Influence of GaN- and Si3N4-Passivation Layers on the Performance of AlGaN/GaN Diodes With a Gated Edge Termination

This paper analyses the influence of the GaN and Si3N4 passivation (or "cap") layer on the top of the AlGaN barrier layer on the performance and reliability of Schottky barrier diodes with a gated edge termination (GET-SBDs). Both GaN cap and Si3N4 cap devices show similar dc characteristics but a higher density of traps at the SiO2/GaN interface or/and an increase of the total dielectric constant in the access region result in higher R-ON-dispersion in GaN cap devices. The leakage current at medium/low temperatures in both types of devices shows two low-voltage-independent activation energies, suggesting thermionic and field-emission processes to be responsible for the conduction.

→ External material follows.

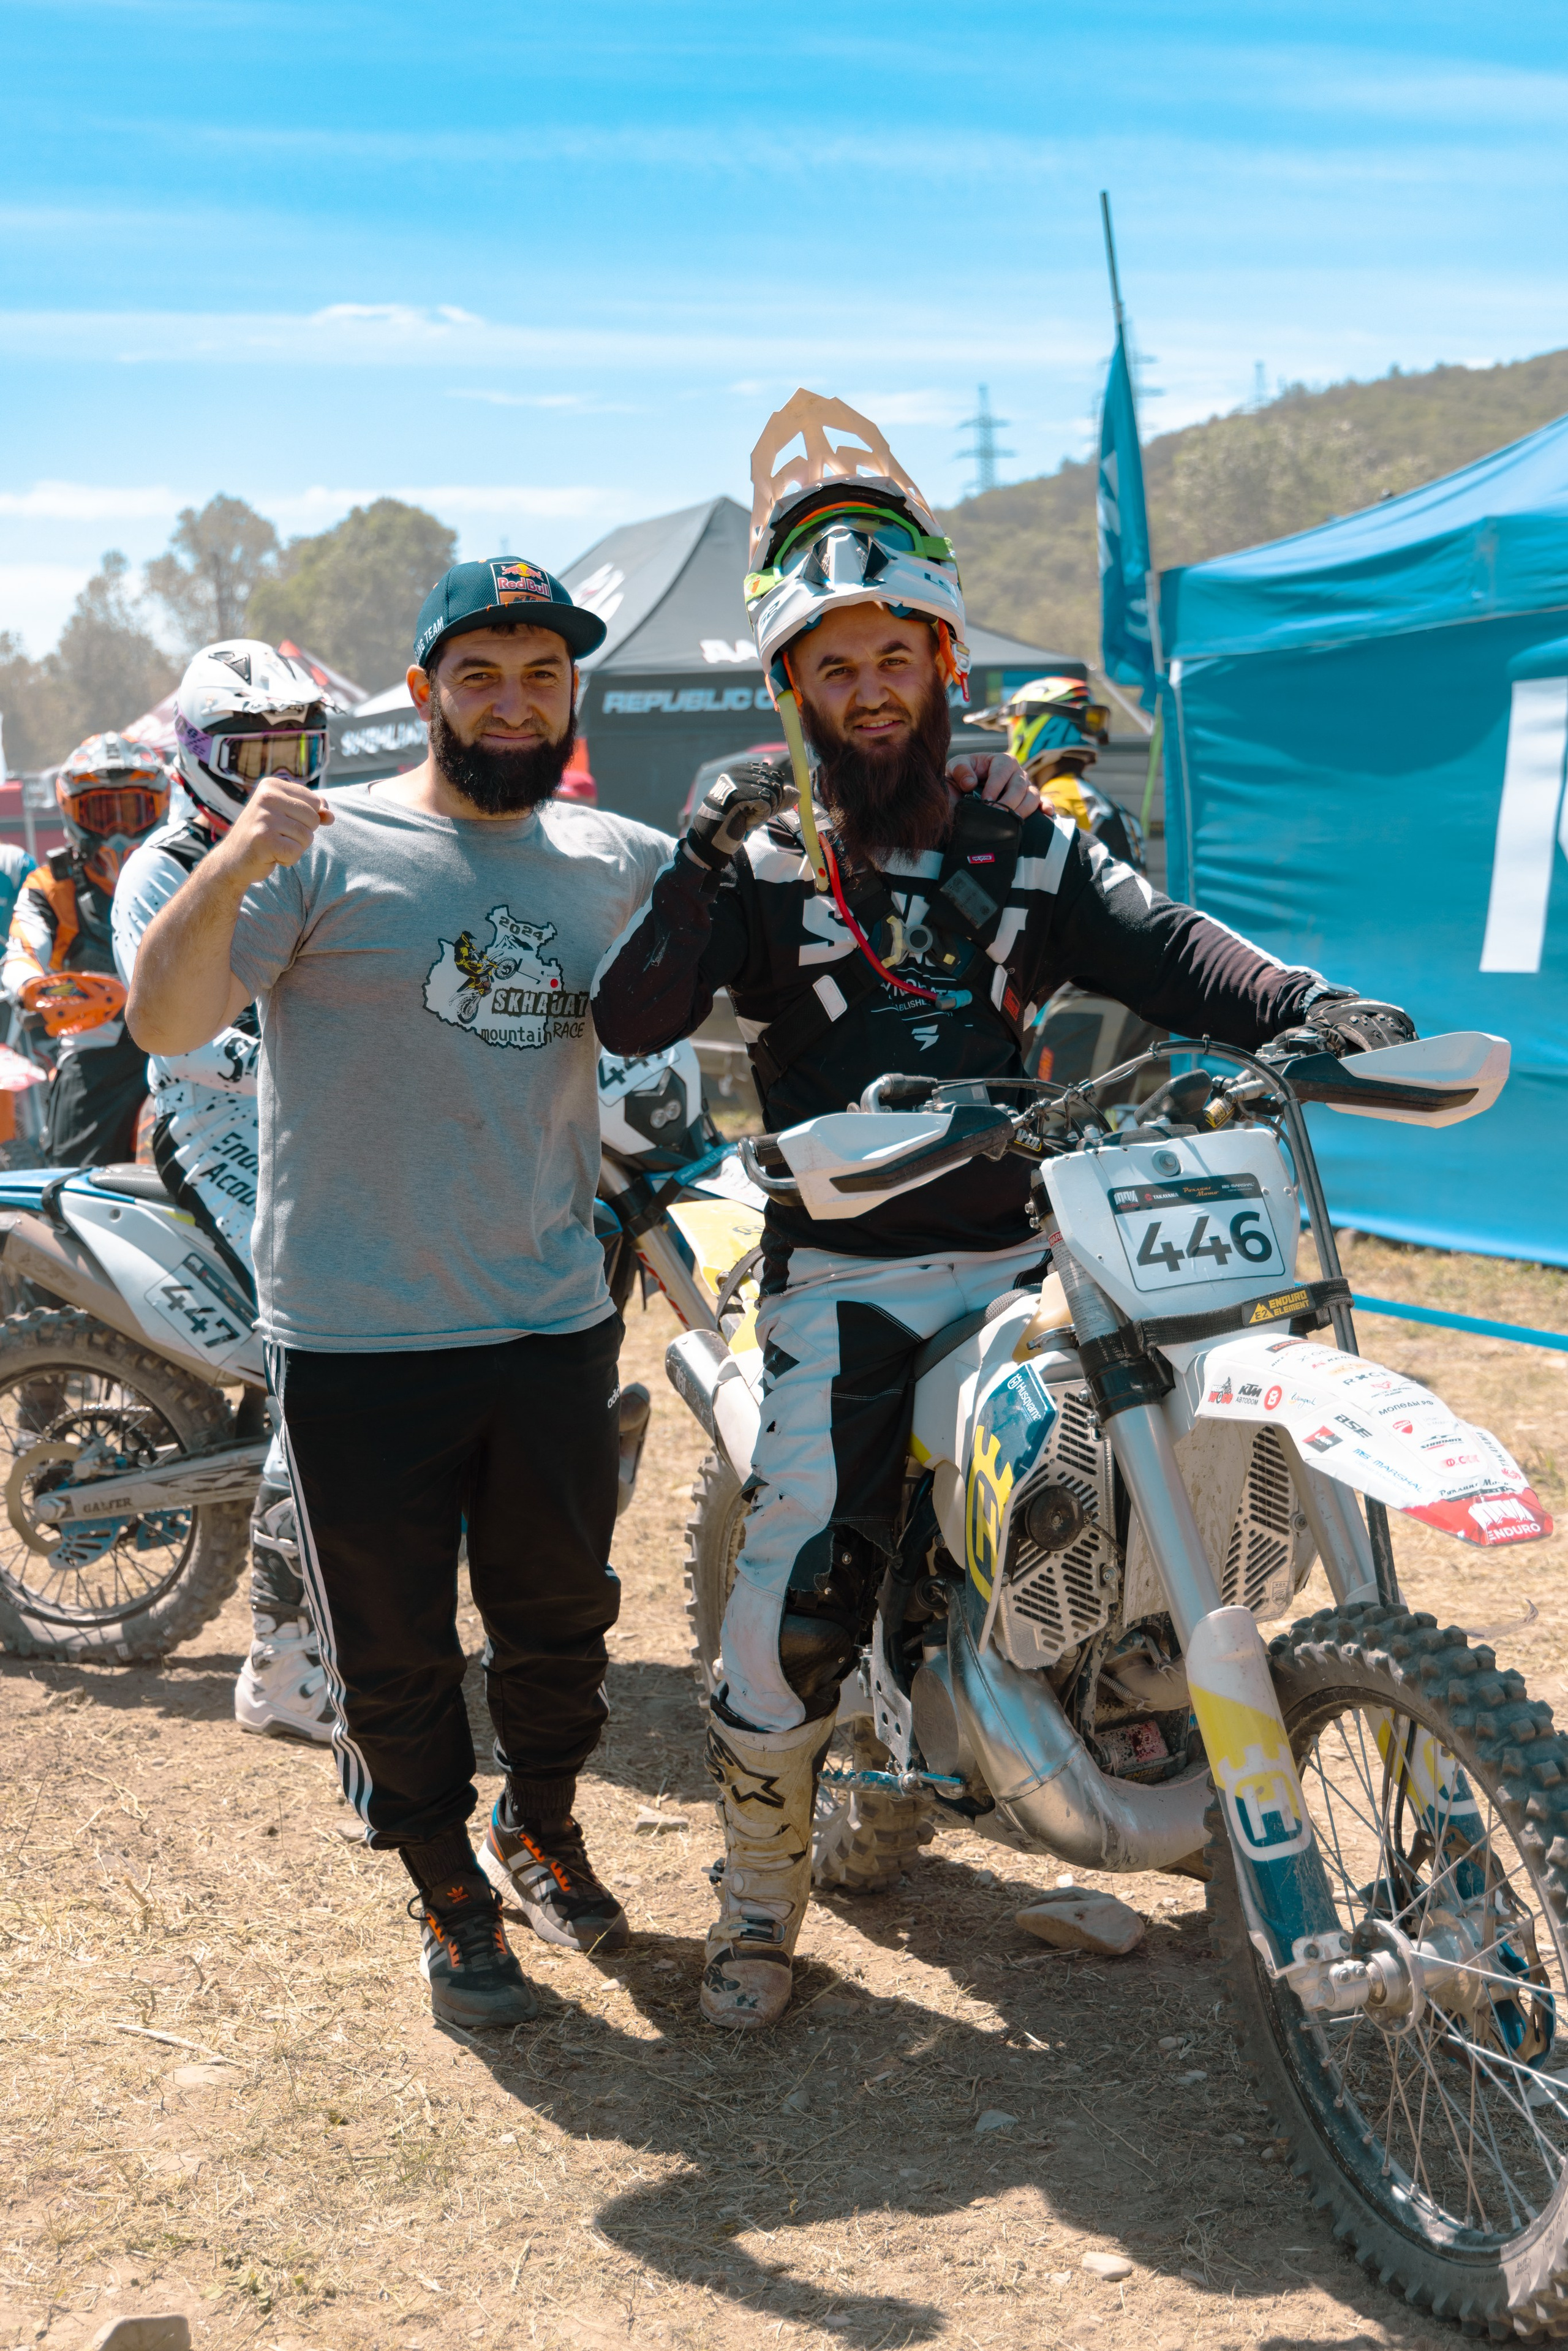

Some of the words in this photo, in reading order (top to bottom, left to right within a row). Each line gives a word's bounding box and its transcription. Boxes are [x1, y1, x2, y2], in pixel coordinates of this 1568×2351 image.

Furthermore, a voltage-dependent activation energy in the high-temperature range occurs from low voltages in the GaN cap devices and limits their breakdown voltage (V-BD). Time-dependent dielectric breakdown measurements show a tighter distribution in Si3N4 cap devices (Weibull slope beta = 3.3) compared to GaN cap devices (beta = 1.8). Additional measurements in plasma-enhanced atomic layer deposition (PEALD)-Si3N4 capacitors with different cap layers and T-CAD simulations show an electric field distribution with a strong peak within the PEALD-Si3N4 dielectric at the GET corner, which could accelerate the formation of a percolation path and provoke the device breakdown in GaN cap SBDs even at low-stress voltages.